→ **Records for the task**:
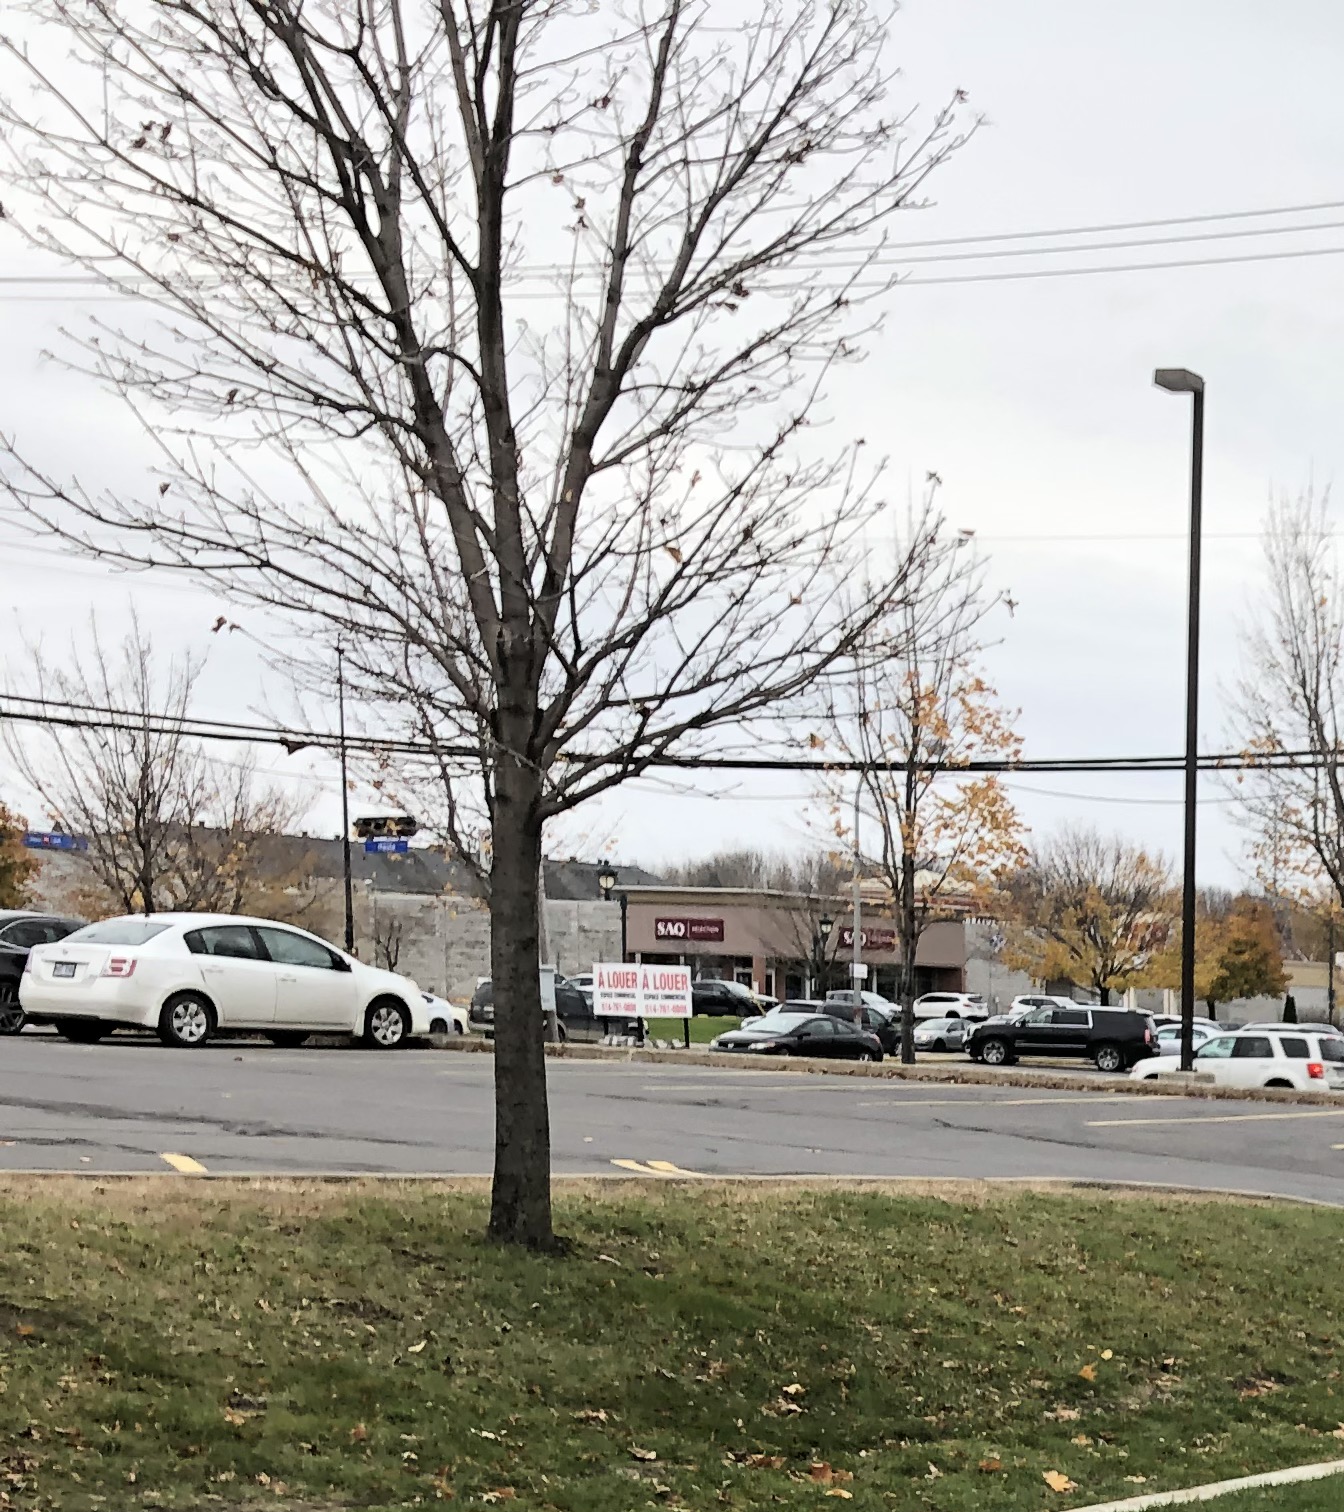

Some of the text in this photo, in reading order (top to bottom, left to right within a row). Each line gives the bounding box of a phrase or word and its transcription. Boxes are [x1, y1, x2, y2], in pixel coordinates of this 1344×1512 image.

[657, 921, 685, 937] SAQ
[843, 930, 867, 946] SQ
[598, 967, 638, 989] À LOUER
[642, 969, 689, 991] À LOUER
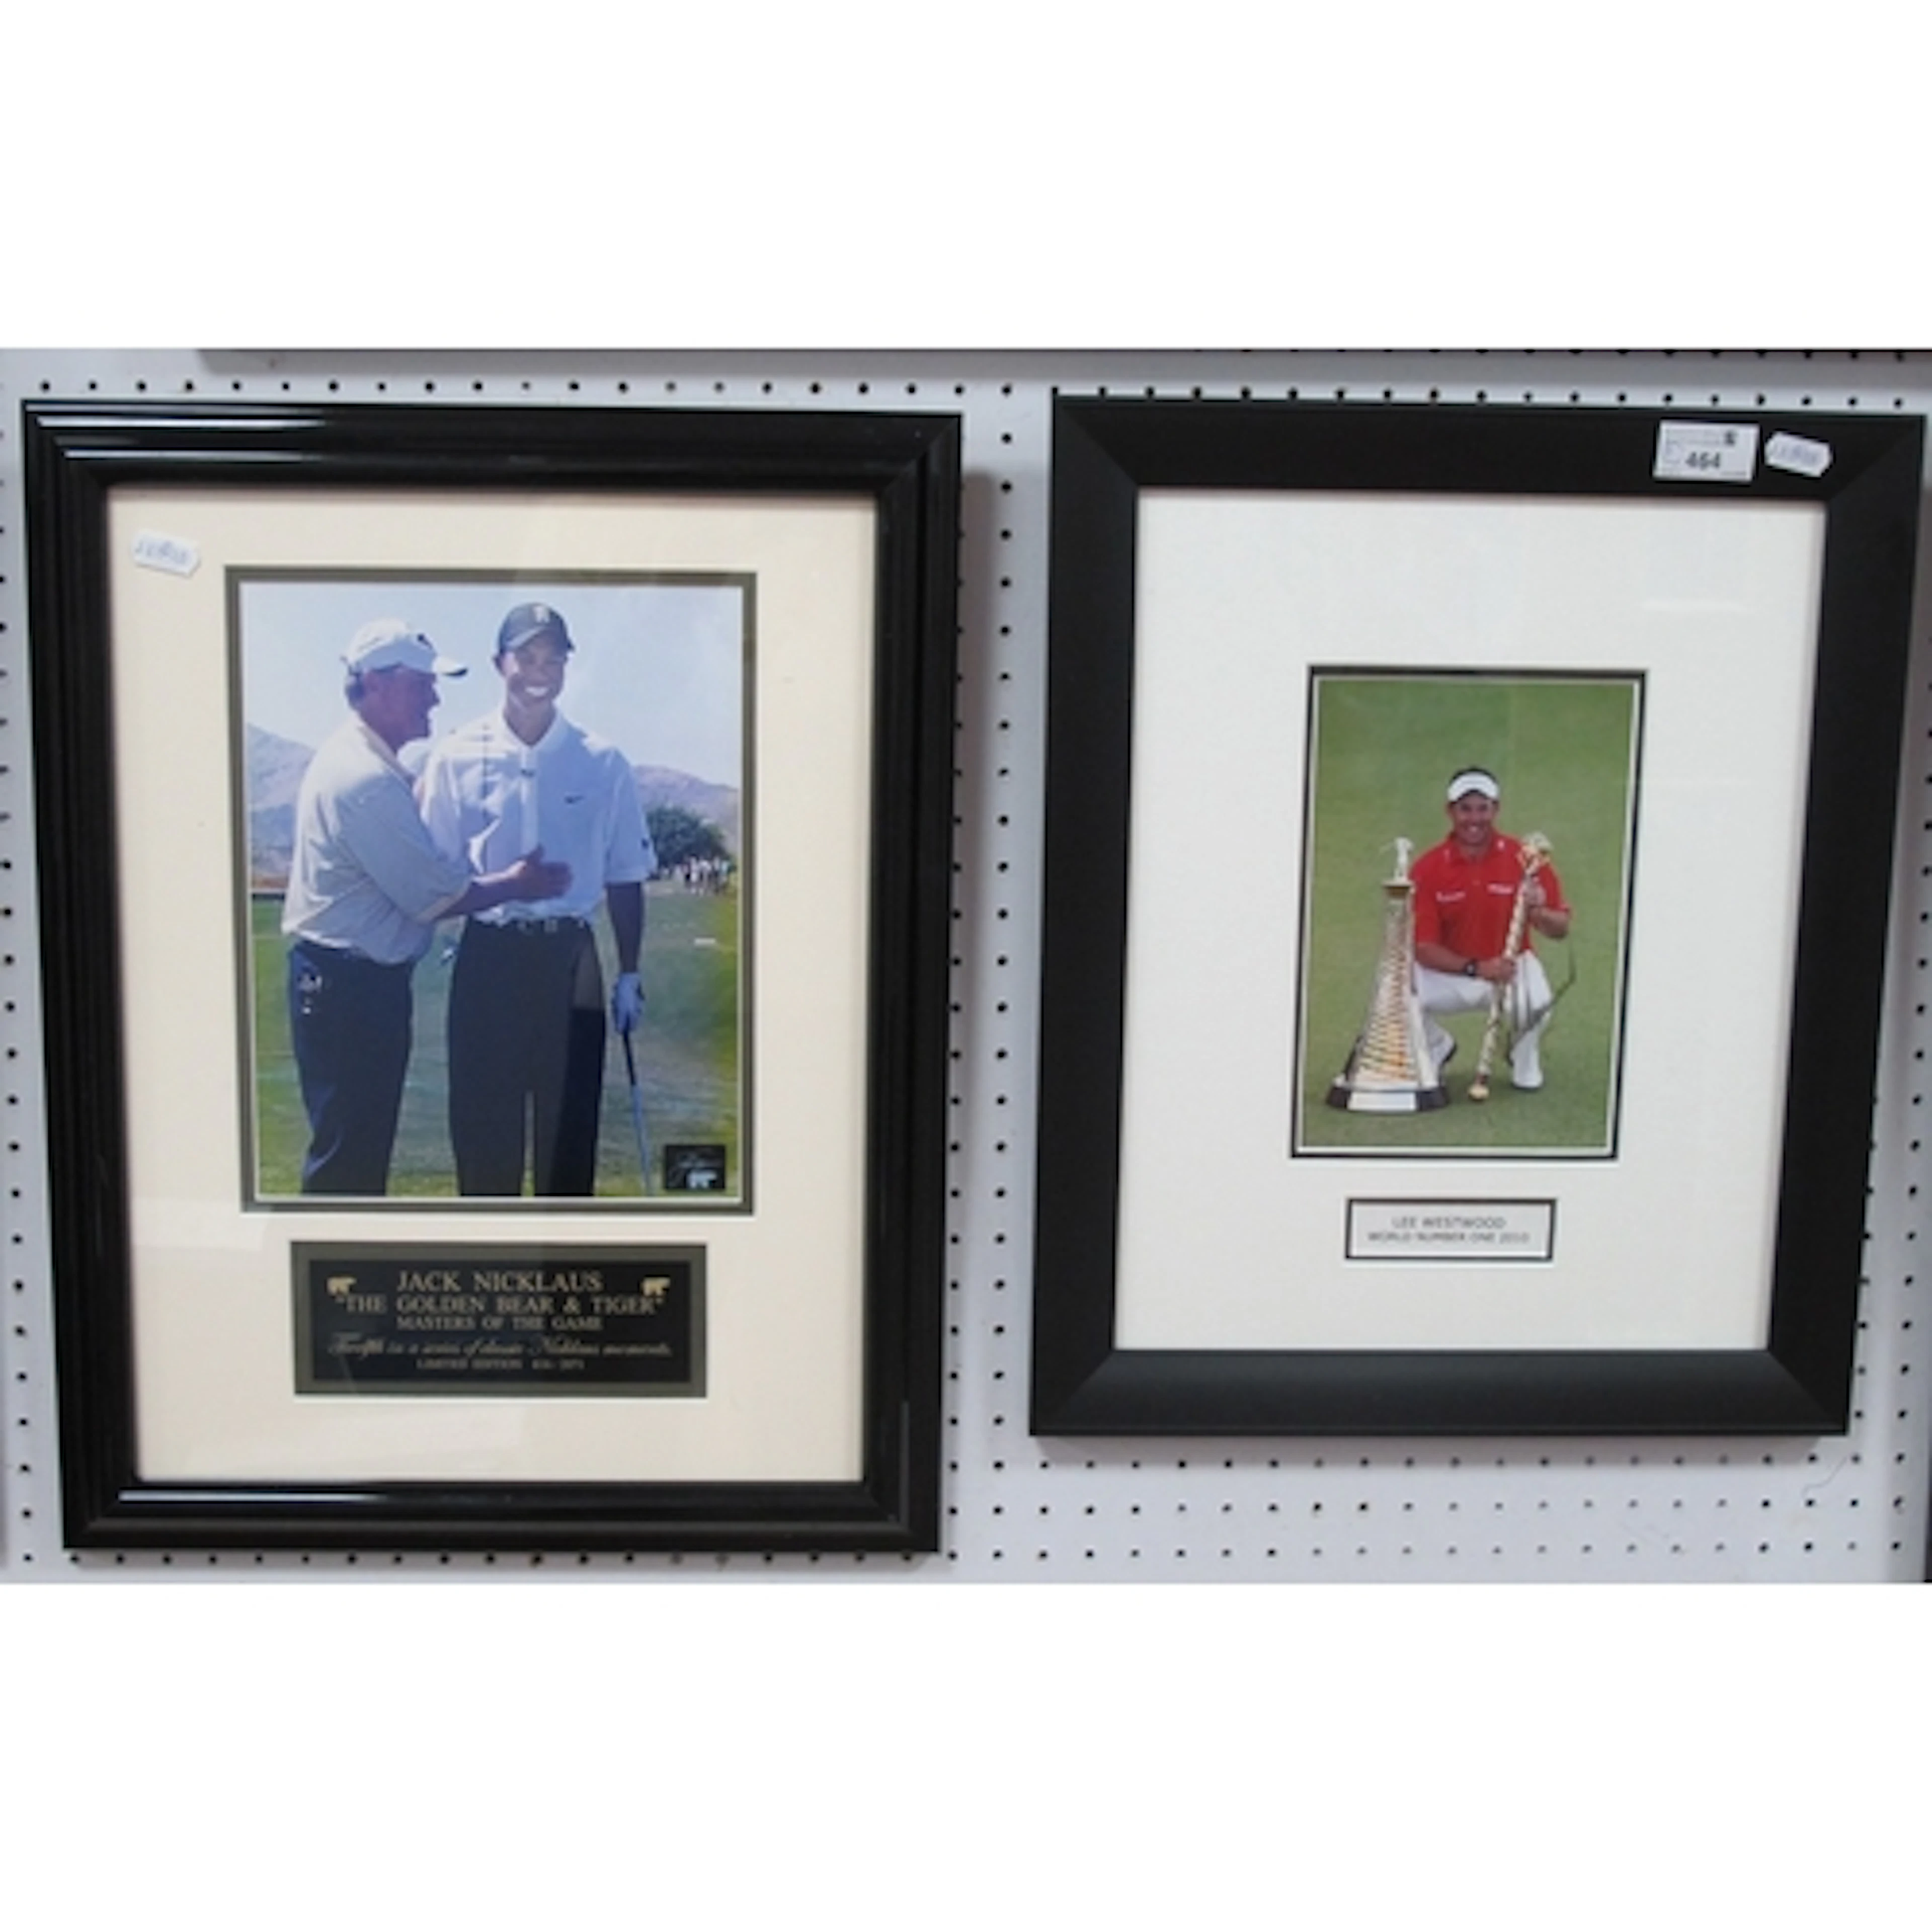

→ **Problem to work on**: Write out all the material above exactly, with no image carried over.

→ **Result below**:
Some of the text in this photo, in reading order (top to bottom, left to right within a row). Each line gives the bounding box of a phrase or word and its transcription. Boxes are [x1, y1, x2, y2], in pixel coordinates of this 1344×1512 image.

[657, 921, 685, 937] SAQ
[843, 930, 867, 946] SQ
[598, 967, 638, 989] À LOUER
[642, 969, 689, 991] À LOUER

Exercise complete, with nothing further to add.